Exercise input:

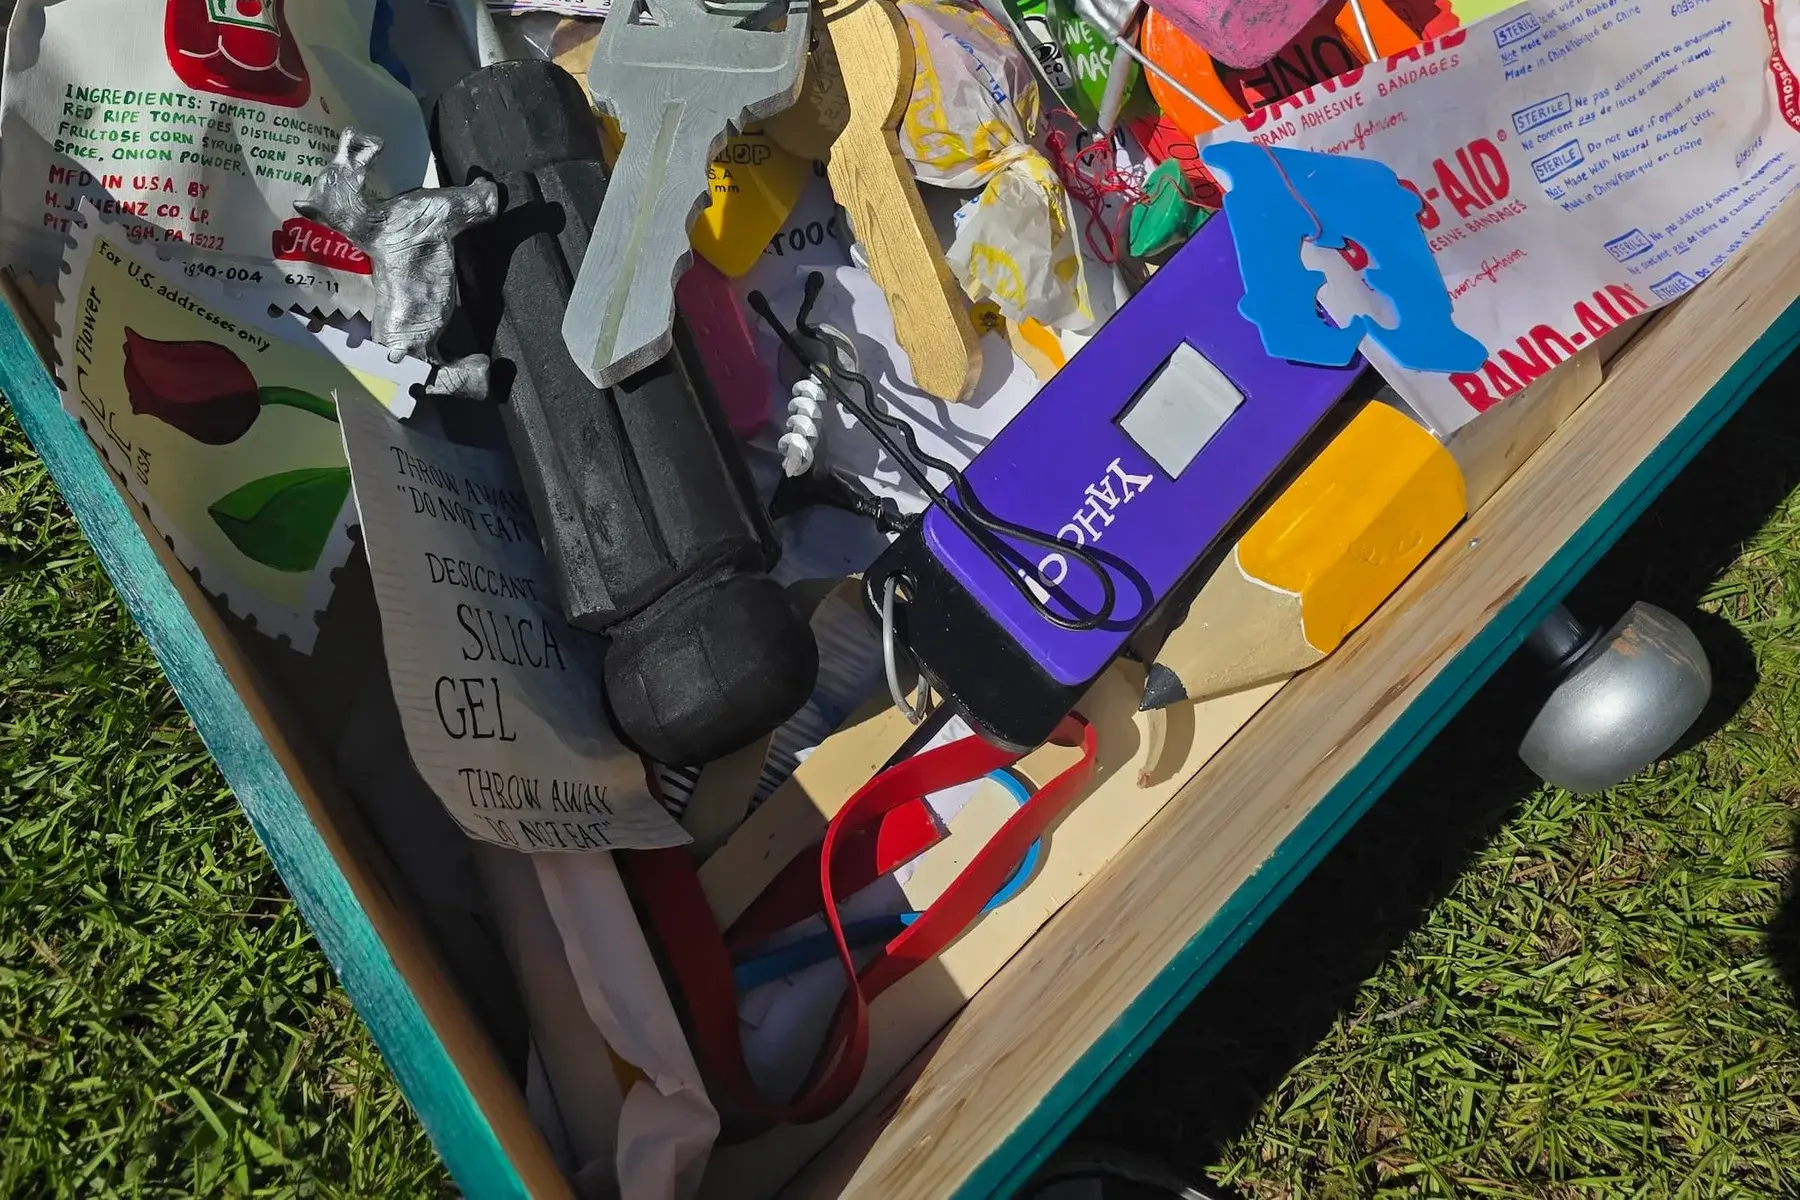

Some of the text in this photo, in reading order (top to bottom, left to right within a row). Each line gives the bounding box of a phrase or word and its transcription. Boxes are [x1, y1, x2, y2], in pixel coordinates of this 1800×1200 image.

[1497, 15, 1538, 44] STERILE
[1505, 61, 1533, 82] Made
[65, 84, 202, 109] INGREDIENTS:
[210, 101, 266, 122] TOMATO
[1301, 55, 1459, 130] ADHESIVE BANDAGES
[1514, 86, 1611, 130] STERILE Ne pas
[58, 121, 141, 143] FRUCTOSE
[150, 131, 194, 144] CORN
[250, 146, 286, 161] CORN
[63, 102, 94, 120] RED
[104, 110, 140, 123] RIPE
[241, 125, 300, 144] DISTILLED
[308, 139, 338, 153] VINE
[1520, 102, 1612, 152] Ne pas de
[1534, 147, 1578, 178] STERILE
[1586, 138, 1602, 153] Do
[1604, 131, 1622, 145] not
[1625, 121, 1646, 138] use
[1656, 132, 1704, 162] en Chine
[49, 164, 210, 199] MFD IN U.S.A. BY
[112, 148, 317, 186] ONION POWDER, NATURA
[1544, 182, 1565, 200] Not
[1563, 170, 1588, 189] Made
[1587, 157, 1610, 175] With
[1611, 136, 1650, 163] Natural
[1469, 198, 1528, 233] BANDAGES
[164, 229, 224, 250] PA 15222
[282, 225, 365, 262] Heinz
[1609, 230, 1646, 261] STERILE
[98, 240, 271, 353] For U.S. addresses only
[285, 274, 339, 292] 627-11
[76, 285, 100, 365] Flower
[137, 448, 152, 486] USA
[390, 446, 460, 496] THROW
[438, 496, 477, 531] NOT
[425, 552, 537, 602] DESICCANT
[456, 603, 567, 671] SILICA
[434, 675, 517, 743] GEL
[459, 768, 614, 815] THROW AWAY
[519, 820, 567, 848] NOT
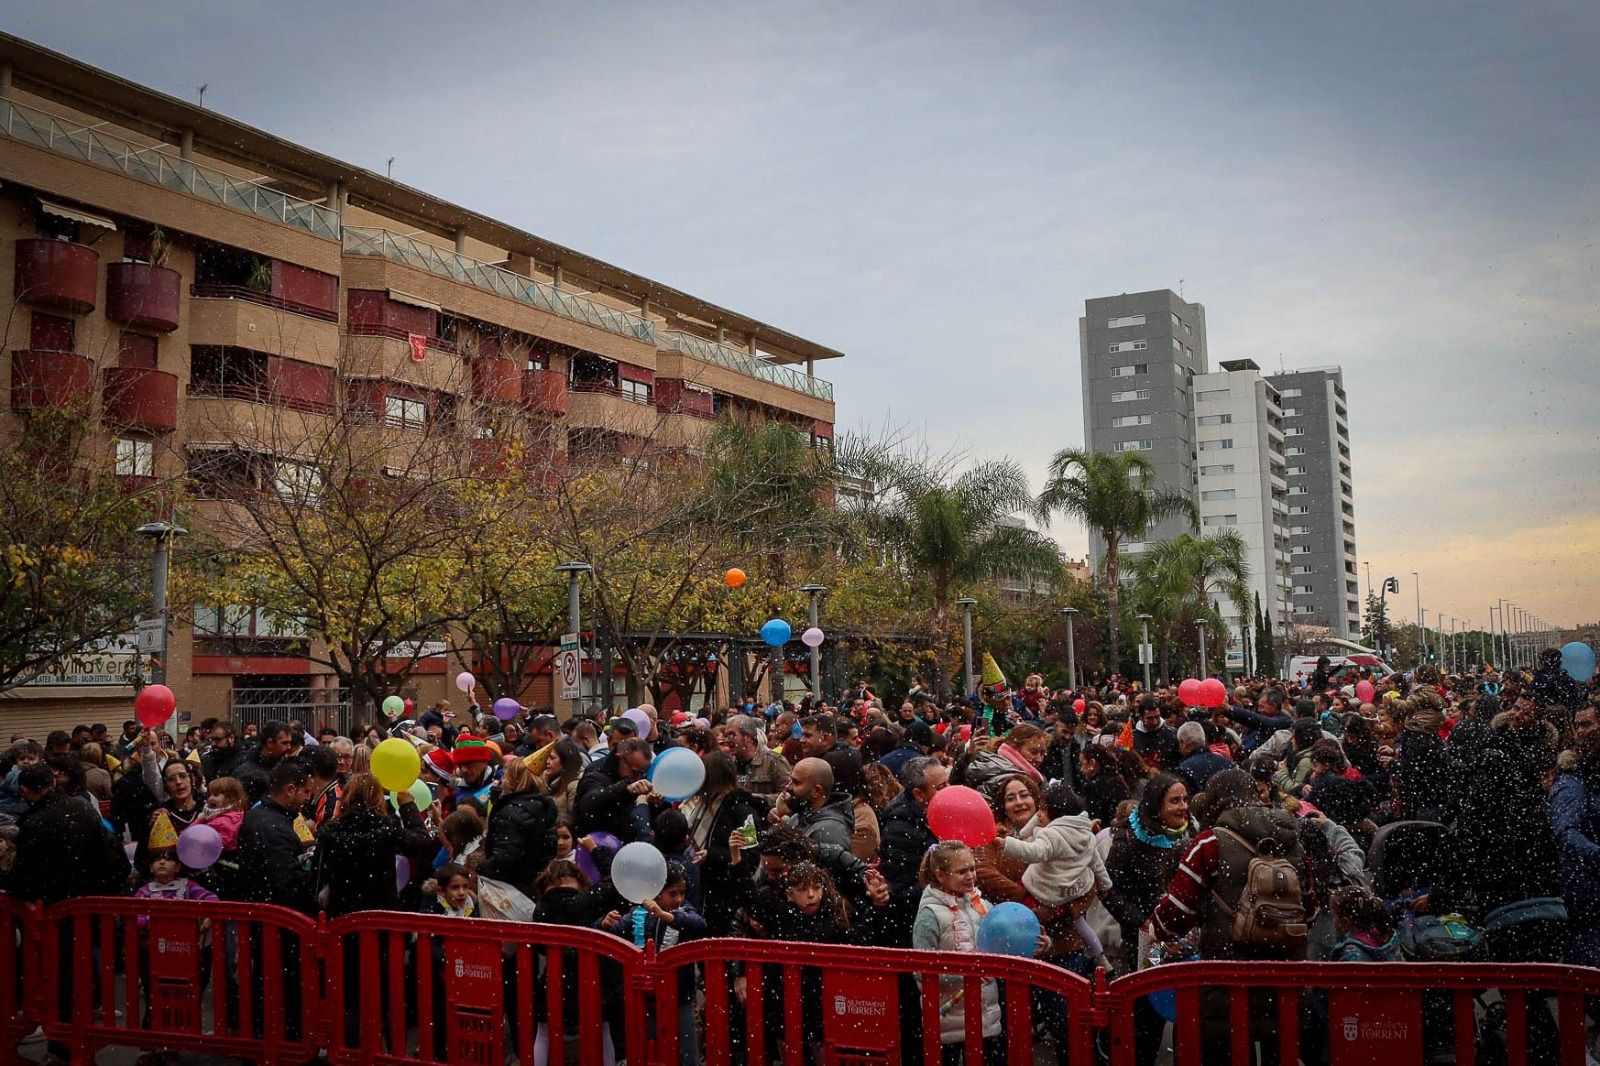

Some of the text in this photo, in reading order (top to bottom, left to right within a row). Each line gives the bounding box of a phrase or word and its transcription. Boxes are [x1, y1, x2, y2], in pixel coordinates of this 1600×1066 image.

[464, 969, 492, 979] TORRENT
[847, 1006, 886, 1016] TORRENT
[1361, 1029, 1408, 1040] TORRENT

Exercise directions:
The required output is every line of the data above, set down exactly and stripped of pictures.

Solution to this problem:
Some of the text in this photo, in reading order (top to bottom, left to right within a row). Each line gives the bounding box of a phrase or word and its transcription. Boxes are [x1, y1, x2, y2], in pixel coordinates of this 1800×1200 image.

[1497, 15, 1538, 44] STERILE
[1505, 61, 1533, 82] Made
[65, 84, 202, 109] INGREDIENTS:
[210, 101, 266, 122] TOMATO
[1301, 55, 1459, 130] ADHESIVE BANDAGES
[1514, 86, 1611, 130] STERILE Ne pas
[58, 121, 141, 143] FRUCTOSE
[150, 131, 194, 144] CORN
[250, 146, 286, 161] CORN
[63, 102, 94, 120] RED
[104, 110, 140, 123] RIPE
[241, 125, 300, 144] DISTILLED
[308, 139, 338, 153] VINE
[1520, 102, 1612, 152] Ne pas de
[1534, 147, 1578, 178] STERILE
[1586, 138, 1602, 153] Do
[1604, 131, 1622, 145] not
[1625, 121, 1646, 138] use
[1656, 132, 1704, 162] en Chine
[49, 164, 210, 199] MFD IN U.S.A. BY
[112, 148, 317, 186] ONION POWDER, NATURA
[1544, 182, 1565, 200] Not
[1563, 170, 1588, 189] Made
[1587, 157, 1610, 175] With
[1611, 136, 1650, 163] Natural
[1469, 198, 1528, 233] BANDAGES
[164, 229, 224, 250] PA 15222
[282, 225, 365, 262] Heinz
[1609, 230, 1646, 261] STERILE
[98, 240, 271, 353] For U.S. addresses only
[285, 274, 339, 292] 627-11
[76, 285, 100, 365] Flower
[137, 448, 152, 486] USA
[390, 446, 460, 496] THROW
[438, 496, 477, 531] NOT
[425, 552, 537, 602] DESICCANT
[456, 603, 567, 671] SILICA
[434, 675, 517, 743] GEL
[459, 768, 614, 815] THROW AWAY
[519, 820, 567, 848] NOT

Some of the text in this photo, in reading order (top to bottom, left to right within a row). Each line gives the bounding box of a phrase or word and its transcription. Boxes are [x1, y1, x2, y2], in pixel coordinates of this 1600×1066 image.

[464, 969, 492, 979] TORRENT
[847, 1006, 886, 1016] TORRENT
[1361, 1029, 1408, 1040] TORRENT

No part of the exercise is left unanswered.